Und der sollte dann nicht frei wurzeln dürfen und ausßerhalb des teiches stehen, = eine stabile, langhaltende Rankhilfe ist unbedingt erfoderlich !

und du musst immer gut rankommen.

Ich finde zwar die Färbung vom WW supi vorallem im Herbst aber im Winter isses Kahl. Hast Du schonmal an großblätrigen __ Efeu gedacht ?

Ich hab viel Clematis bei mir, muss aber immer gedüngt werden, verliert die Blätter im Winter und muss im Frühjahr gestutz werden = lohnt sich aber bei einer so tollen Blütenbracht.


Das __ Pfennigkraut hab ich auch, dient bei mir als __ Bodendecker - aber ich glaube nicht das es in 2m Höhe kriechen wird.

Am besten stell doch mal nen Foto von der zu bepflanzenden Fläch rein - dann kann man da eher ne Empfehlung abgeben.


----------



## sanny (18. Aug. 2008)

*AW: aus Wasser selbstklimmende/rankende Pflanze gesucht*

Oooooookay....... ich stelle ein Bild rein....... 
ABER NUR, WENN IHR MIR VERSPRECHT, EUCH NICHT WIEDER ZU ERSCHRECKEN!!!!!  

Immer, wenn ich Bilder einstelle :shock , antwortet keiner mehr!!!  

Ich weiß, es sieht böse aus, sehr böse sogar!

Aber ich bin ein sehr dickköpfiges Weib ( :crazy ) und wenn ich aus einer "betonierten Katastrophe" einen hübschen Ententeich machen will, dann krieg ich das -mit Eurer Hilfe und Erfahrung- auch hin!

Ich hab jetzt bewußt das "schlimmste" Bild genommen, was ich finden konnte!

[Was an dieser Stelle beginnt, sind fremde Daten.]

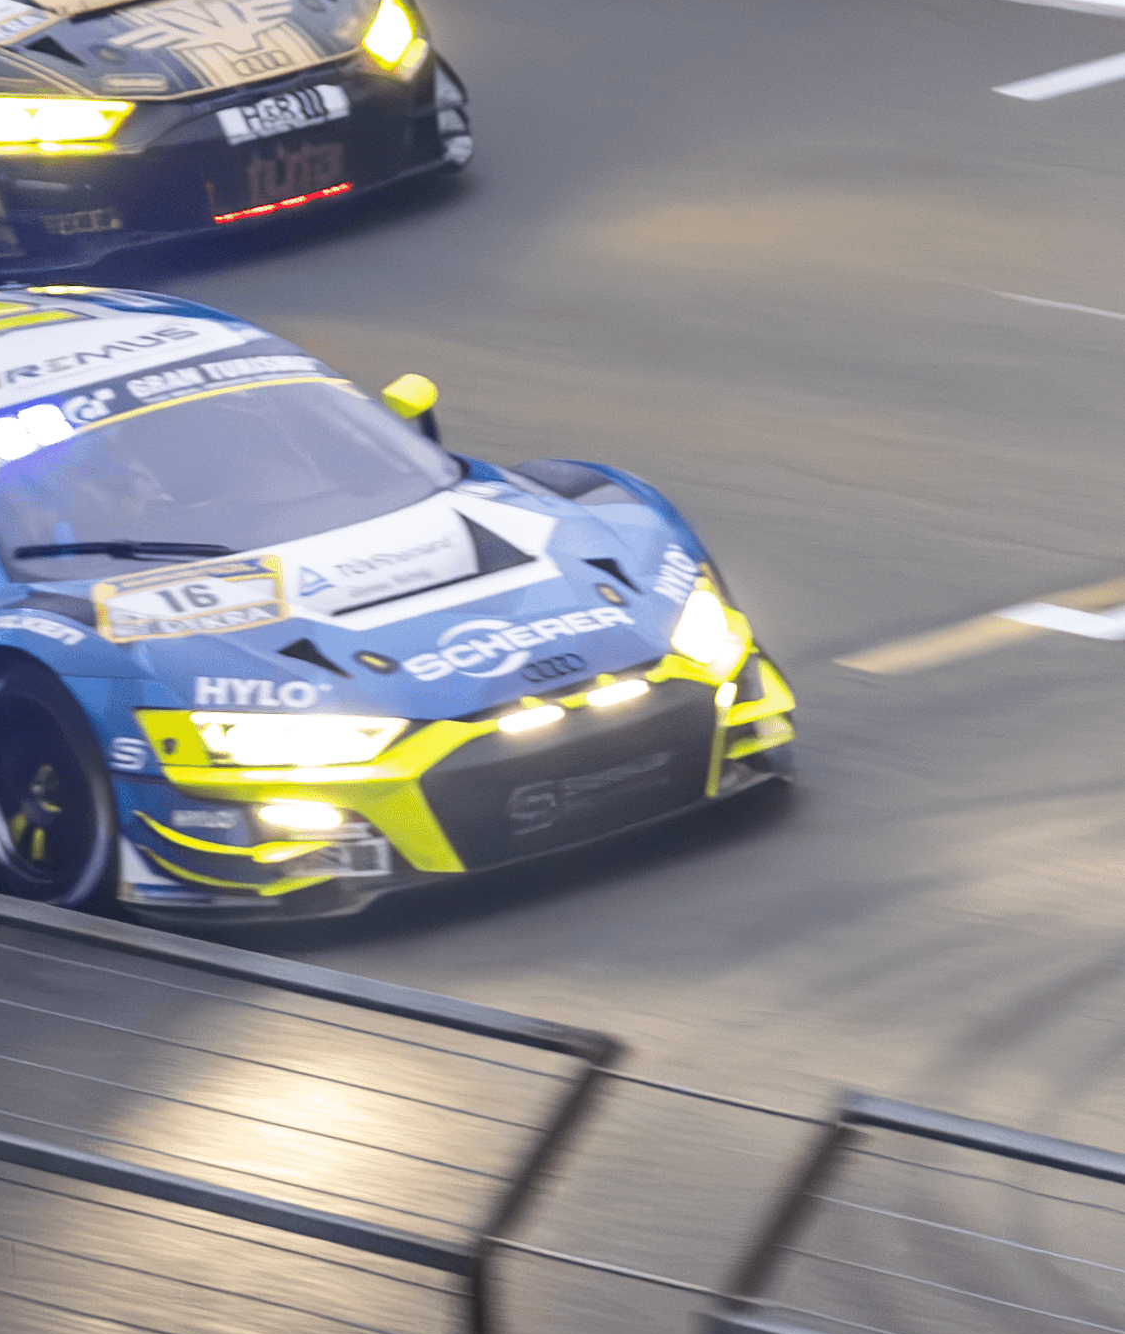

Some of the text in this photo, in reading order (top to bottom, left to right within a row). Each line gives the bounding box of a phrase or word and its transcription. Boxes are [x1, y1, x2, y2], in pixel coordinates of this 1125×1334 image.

[4, 326, 199, 385] REMUS
[125, 366, 206, 398] GRAN
[156, 583, 220, 614] 16
[403, 606, 635, 682] SCHERER
[194, 675, 319, 709] HYLO
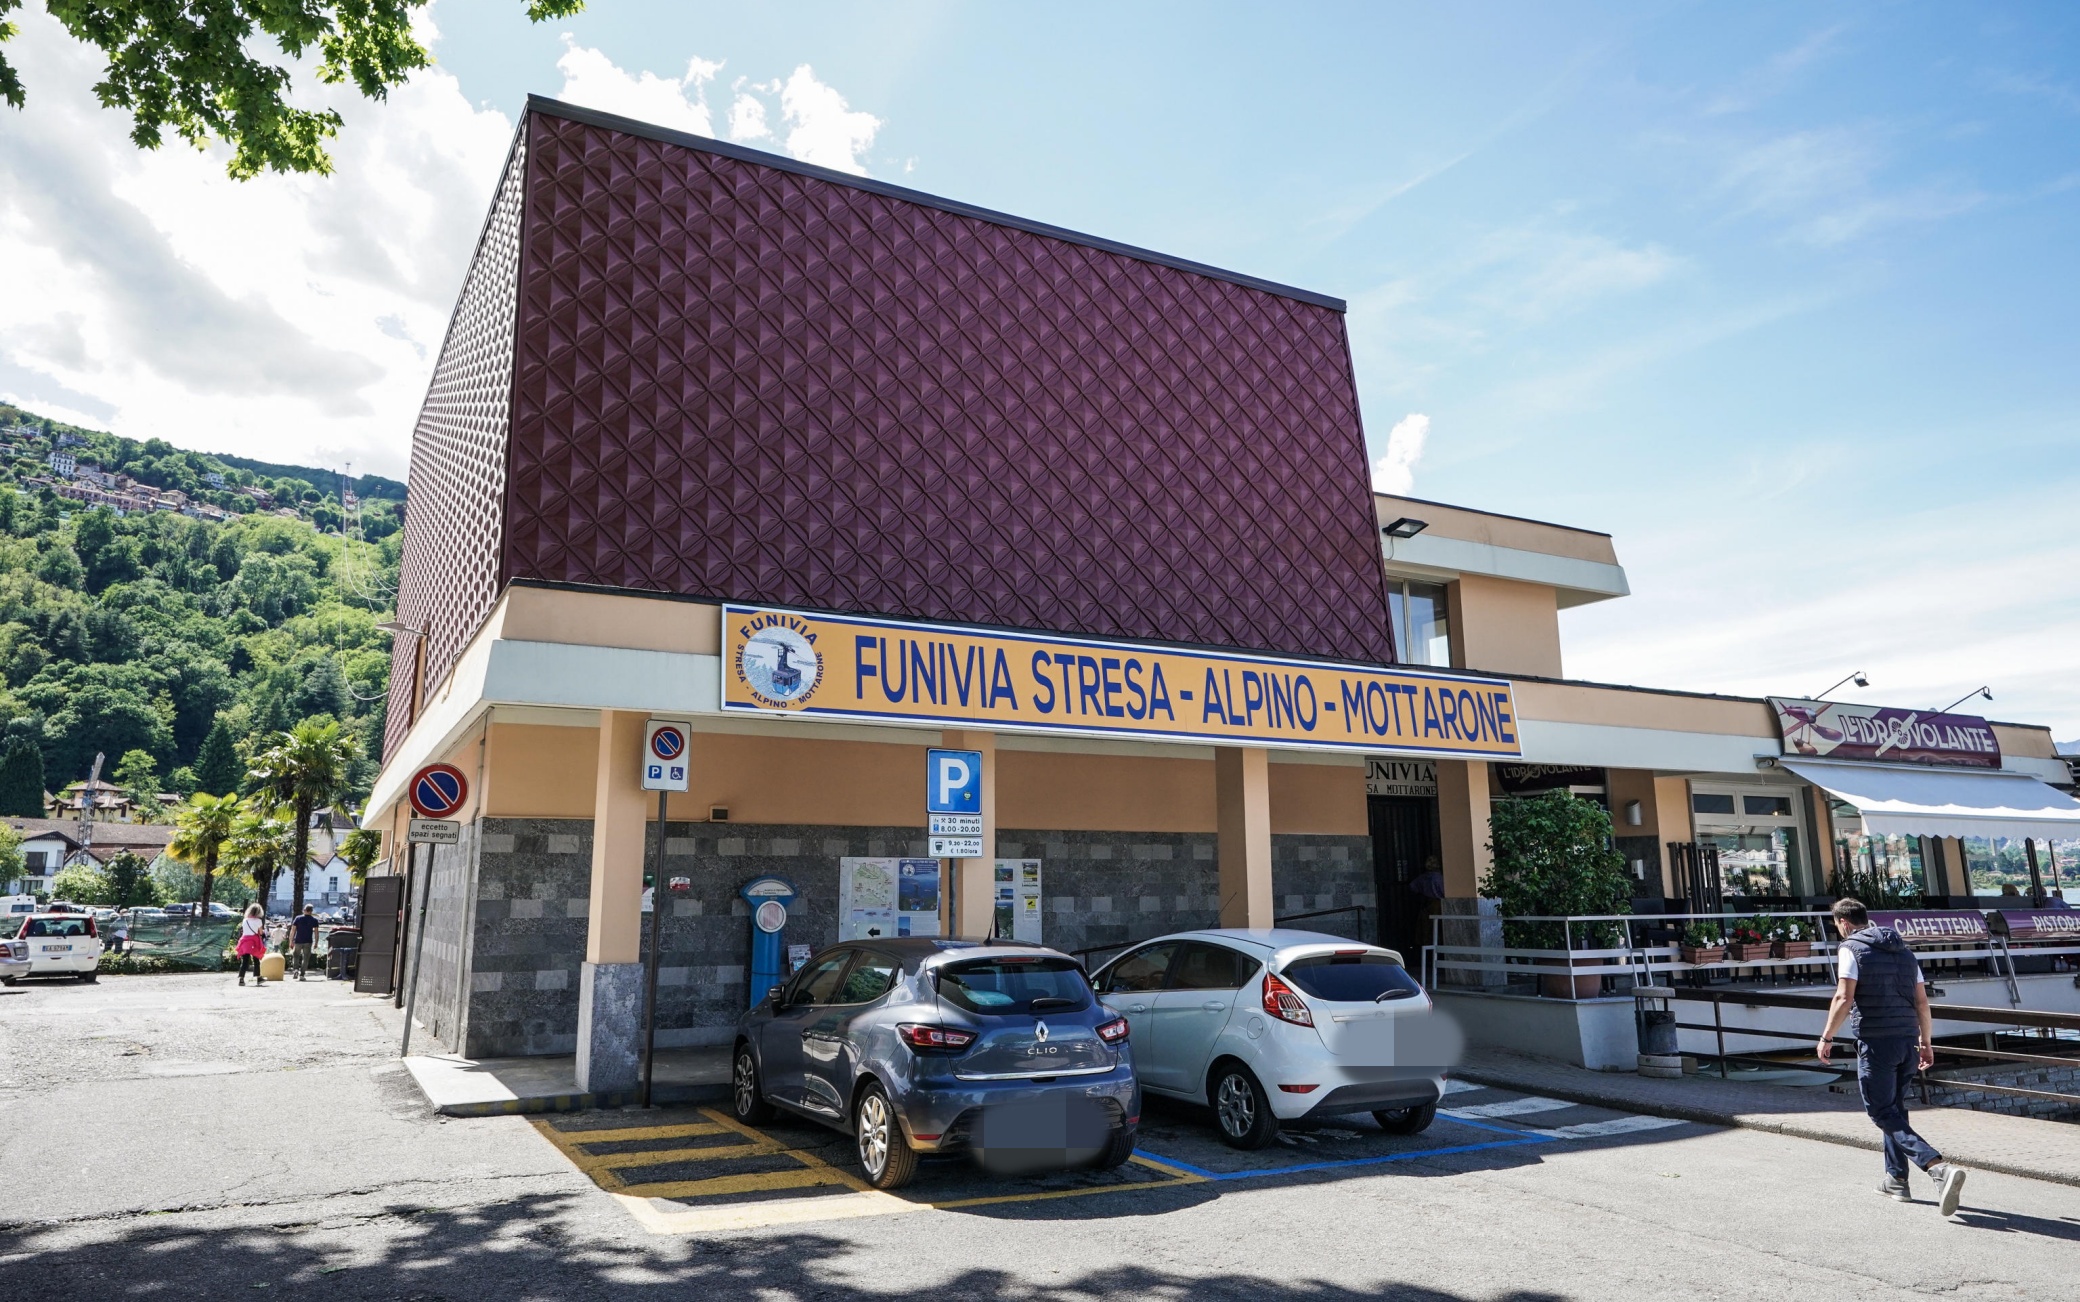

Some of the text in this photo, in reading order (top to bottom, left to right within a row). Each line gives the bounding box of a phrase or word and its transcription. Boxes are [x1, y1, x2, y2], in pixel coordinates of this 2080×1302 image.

[740, 614, 817, 645] FUNIVIA
[735, 643, 825, 709] STRESA ALPINO MOTTARONE
[855, 635, 1018, 711] FUNIVIA
[1031, 650, 1175, 721] STRESA
[1203, 667, 1317, 732] ALPINO
[1340, 679, 1515, 744] MOTTARONE
[1838, 713, 1994, 753] L'IDROVOLANTE
[651, 767, 660, 778] P
[940, 758, 970, 804] P
[1387, 784, 1437, 796] MOTTARONE
[431, 832, 457, 840] segnati
[1894, 917, 1984, 937] CAFFETTERIA
[1027, 1046, 1058, 1055] CLIO

Das Becken ist ein ehemaliger Jauchehochbehälter, wurde vor Jahren leergepumpt, lief über die Jahre -in denen das Gelände brach lag- voll Regenwasser. __ Wasserlinsen,  Libellenlarven, __ Rückenschwimmer, __ Wasserläufer, etc siedelten sich an. 
(daher wurde auch die Idee verworfen, das Becken leerzupumpen, zu säubern und wieder zu befüllen). 
Wasserwerte soweit ok (siehe "Wasserwerte"). 
Das Becken ist 15 m x 10 m, Wassertiefe zwischen 1,80 m und 2 m.
Die "Öffnung" ist 3 m x 10 m groß. Der Rest der Oberfläche ist mit "nicht-zu-bewegenden-Betonplatten" abgedeckt, wobei die linke Seite fast vollständig von der Sonne "unterschienen" wird, somit nur die rechte abgedeckte Seite komlpett beschattet ist.

Das alte Stahlgerumpel kommt natürlich weg und die Betonfläche wird begrünt!

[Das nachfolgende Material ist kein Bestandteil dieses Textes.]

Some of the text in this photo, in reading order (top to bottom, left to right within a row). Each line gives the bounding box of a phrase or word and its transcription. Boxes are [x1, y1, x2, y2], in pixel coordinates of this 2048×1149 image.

So, nun also das Bild...... tief durchatmen....:


----------



## sanny (18. Aug. 2008)

*AW: aus Wasser selbstklimmende/rankende Pflanze gesucht*

So, und noch ein paar!

Die Öffnung ist viel größer als sie auf den Bildern aussieht, liegt wohl am Aufnahmewinkel.

@Werner Die Idee hatte ich auch schon (fänd ich seeehr schön), aber ich glaube, dazu ist die Oberfläche etwas zu glatt?!? 



> = eine stabile, langhaltende Rankhilfe ist unbedingt erfoderlich !



Wie meinst Du das? Der ist doch selbsthaftend?!? 

Clematis sind auch wunderschön...., __ Efeu zwar auch, aber immernoch giftig... 
(man merkt, ich traue meinen __ Enten nicht wirklich viel Instinkt zu )


----------



## Eugen (18. Aug. 2008)

*AW: aus Wasser selbstklimmende/rankende Pflanze gesucht*

Hi Sanny



			
				sanny schrieb:
			
		

> Immer, wenn ich Bilder einstelle :shock , antwortet keiner mehr!!!



Na gut,dann will ich dir mal antworten.  



			
				sanny schrieb:
			
		

> Aber ich bin ein sehr dickköpfiges Weib ( :crazy ) und wenn ich aus einer "betonierten Katastrophe" einen hübschen Ententeich machen will, dann krieg ich das -mit Eurer Hilfe und Erfahrung- auch hin!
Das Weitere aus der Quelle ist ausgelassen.